Self-segregating morphology

From the Logical Languages Wiki
Jump to navigation Jump to search

This article contains opinions that may not necessarily reflect the views of the LLWiki or larger loglanger community.

A language is said to have a self-segregating (occasionally self-segmenting) morphology if every utterance in the language can only be broken up into words and morphemes, or parsed, in a single way. The written forms of natural and constructed languages are often self-segregating, but in most languages, it is possible for a spoken phrase to have two or more possible parses. This creates ambiguity. For languages engineered to be unambiguous, it is necessary to define phonological patterns for words in order that no two sequences of words sound identical. All or most loglangs, depending on the definition used, have self-segregating morphologies.

Related terms

The terms monoparsing and audio-visual isomorphism are nearly synonymous, but both are stronger. Monoparsing is synonymous with syntactic unambiguity. It means the property whereby every well-formed text has a unique, transparent grammatical structure. Audio-visual isomorphism, or AVI, means the property whereby there is an exact one-to-one correspondence of informational content between spoken and written forms of a language. Orthographic features like italic or bold typefaces disrupt audio-visual isomorphism, since there is no exact spoken analogue for them. Therefore, a language can have a self-segregating morphology but lack AVI.
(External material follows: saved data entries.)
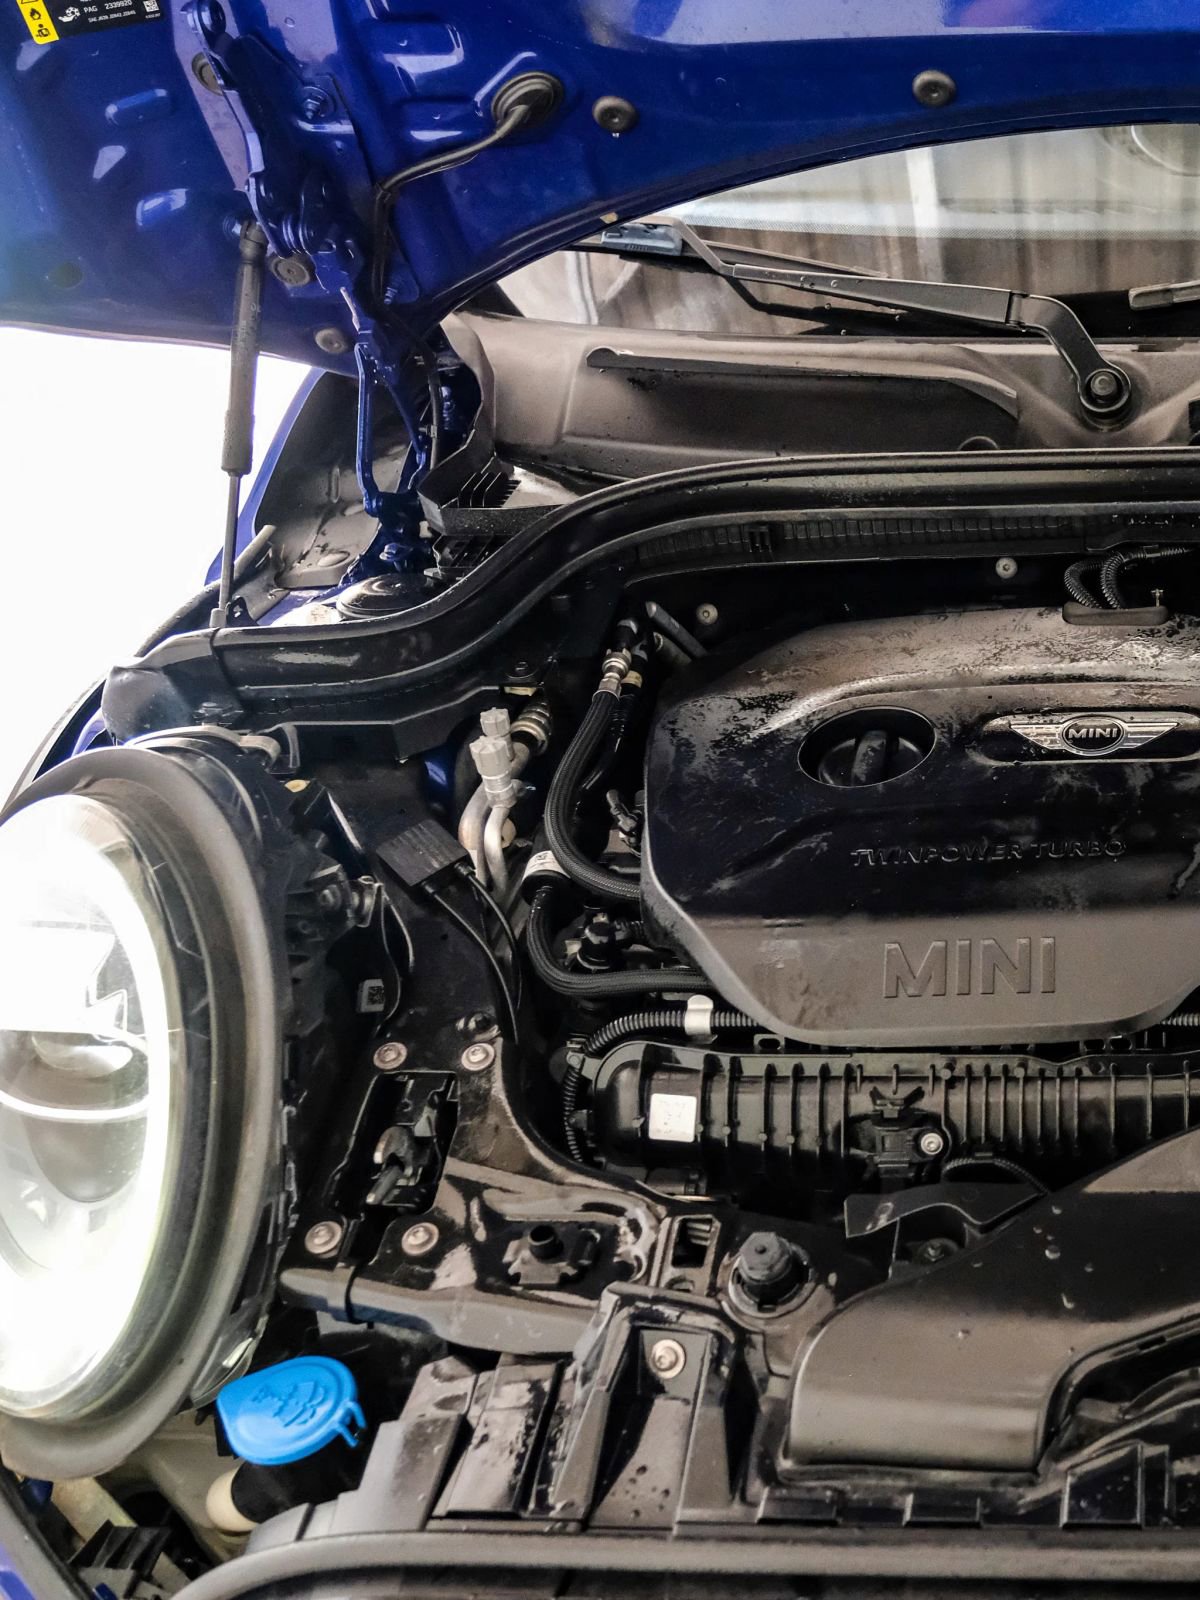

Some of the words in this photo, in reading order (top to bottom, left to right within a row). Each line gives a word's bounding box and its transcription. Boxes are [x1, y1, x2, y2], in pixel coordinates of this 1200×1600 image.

[1068, 727, 1118, 739] MINI
[850, 844, 1022, 866] TWINPOWER
[1030, 838, 1126, 858] TURBO
[884, 936, 1056, 999] MINI
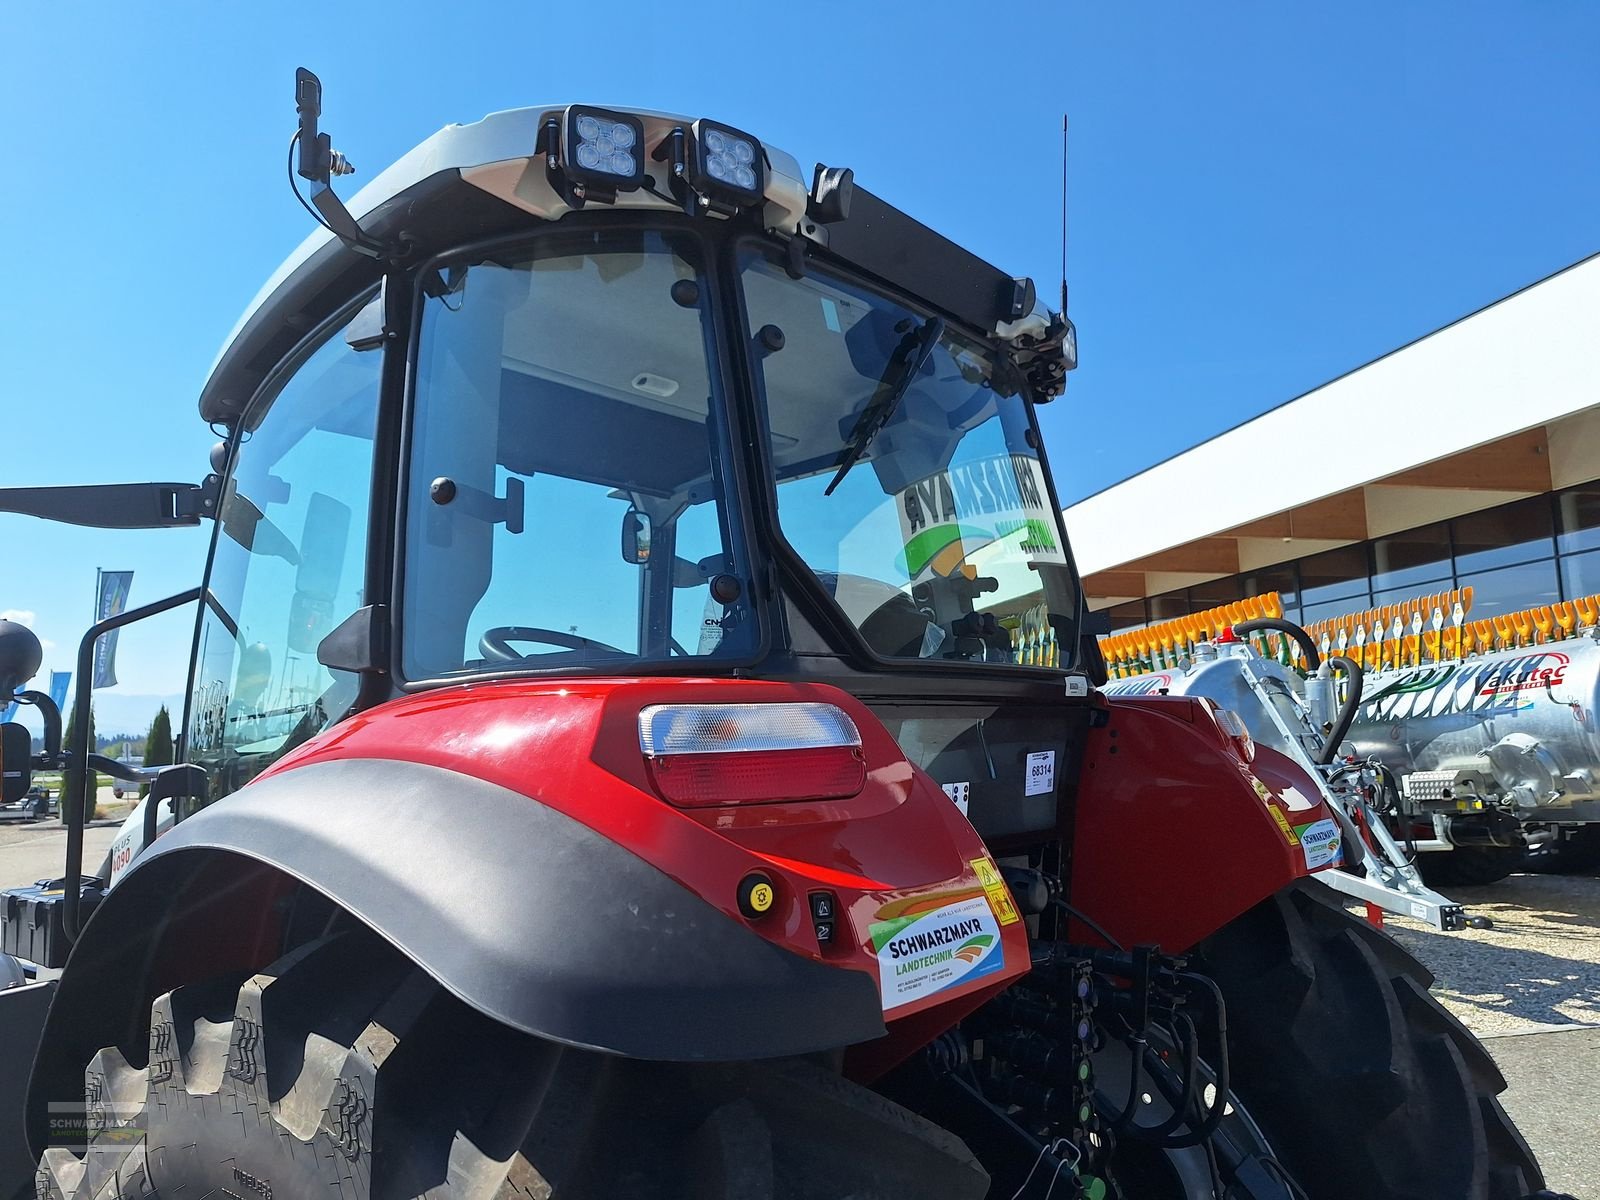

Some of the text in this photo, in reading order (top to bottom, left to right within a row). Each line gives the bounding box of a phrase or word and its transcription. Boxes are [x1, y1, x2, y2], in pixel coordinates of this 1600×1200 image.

[1031, 763, 1052, 777] 68314
[888, 918, 983, 959] SCHWARZMAYR
[895, 949, 953, 976] LANDTECHNIK
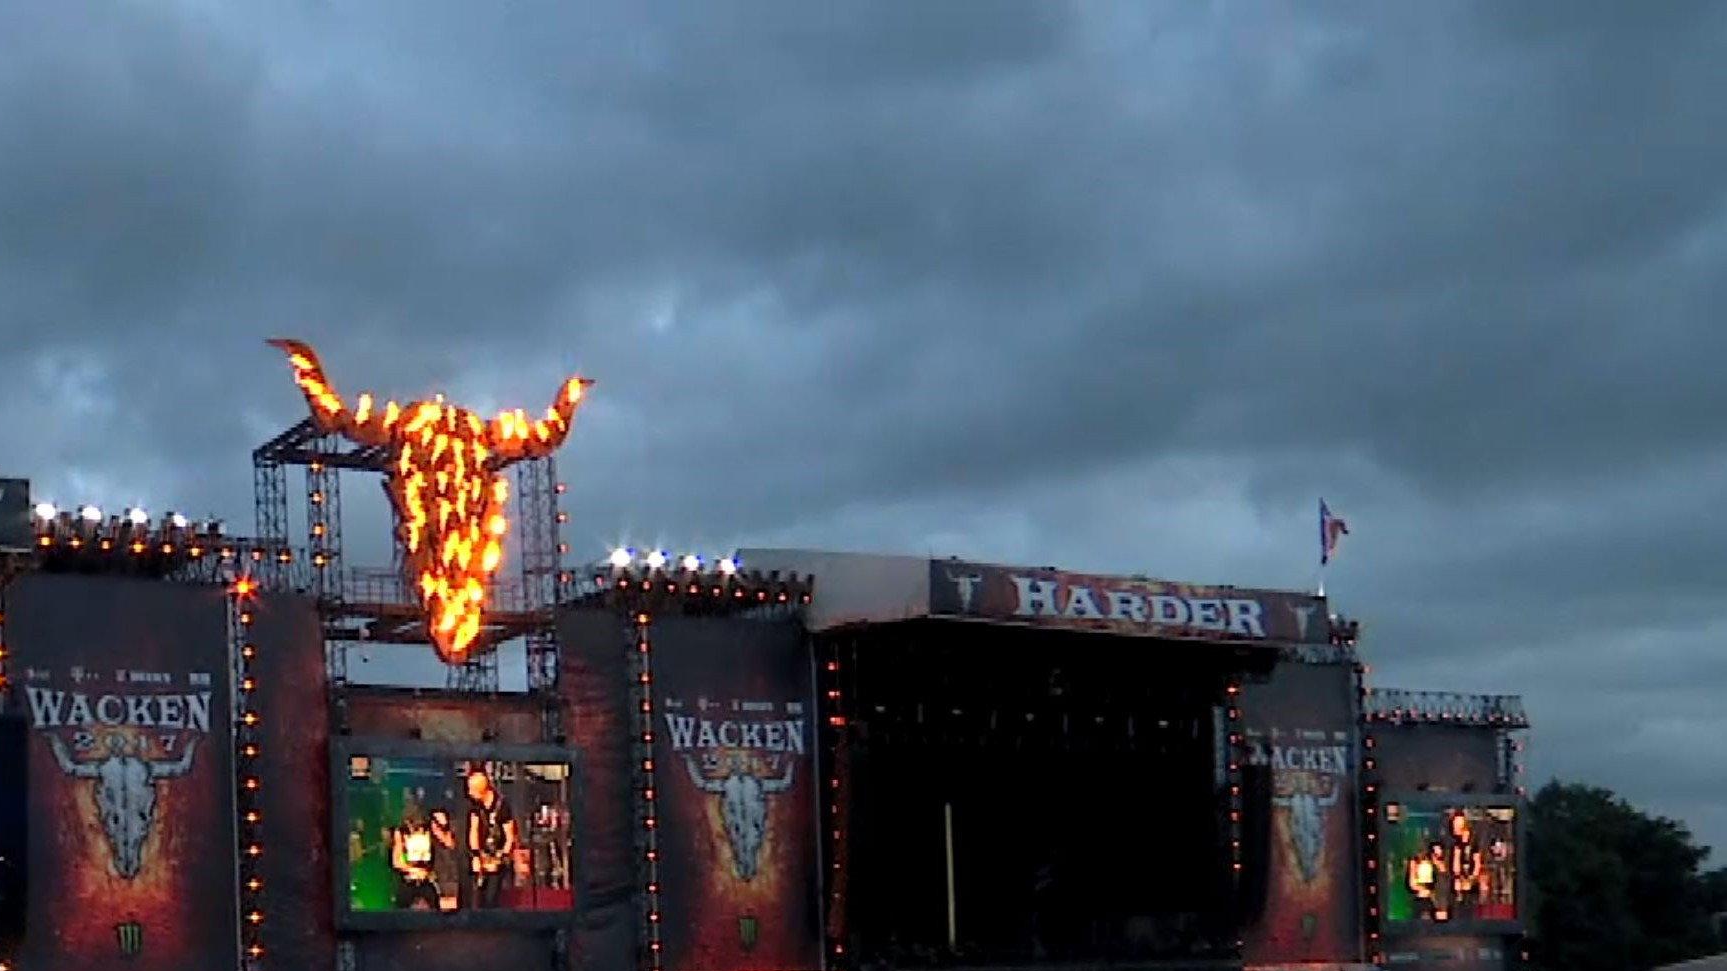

The problem: Homophones in natural and constructed languages

Often, in natural languages, pairs of homophones exist as the result of sound changes or borrowing. These types of homophones, like dear and deer, are typically absent from engineered languages. However, in most constructed languages, compounding, derivational morphology or phrase formation can produce homophones. An ideal self-segregating morphology will prevent homophones on both the word level and the intra-word level.

In English, word-level homophony occurs in many phrases: attack and a tack are homophonous if pronounced normally, as are euthanasia and youth in Asia. There are in addition a vast number of phrases with subtle phonetic distinctions that can be hard to perceive, such as the sky [ðɪ̈ˈskaɪ̯] and this guy [ðɪs ˈg̊aɪ̯].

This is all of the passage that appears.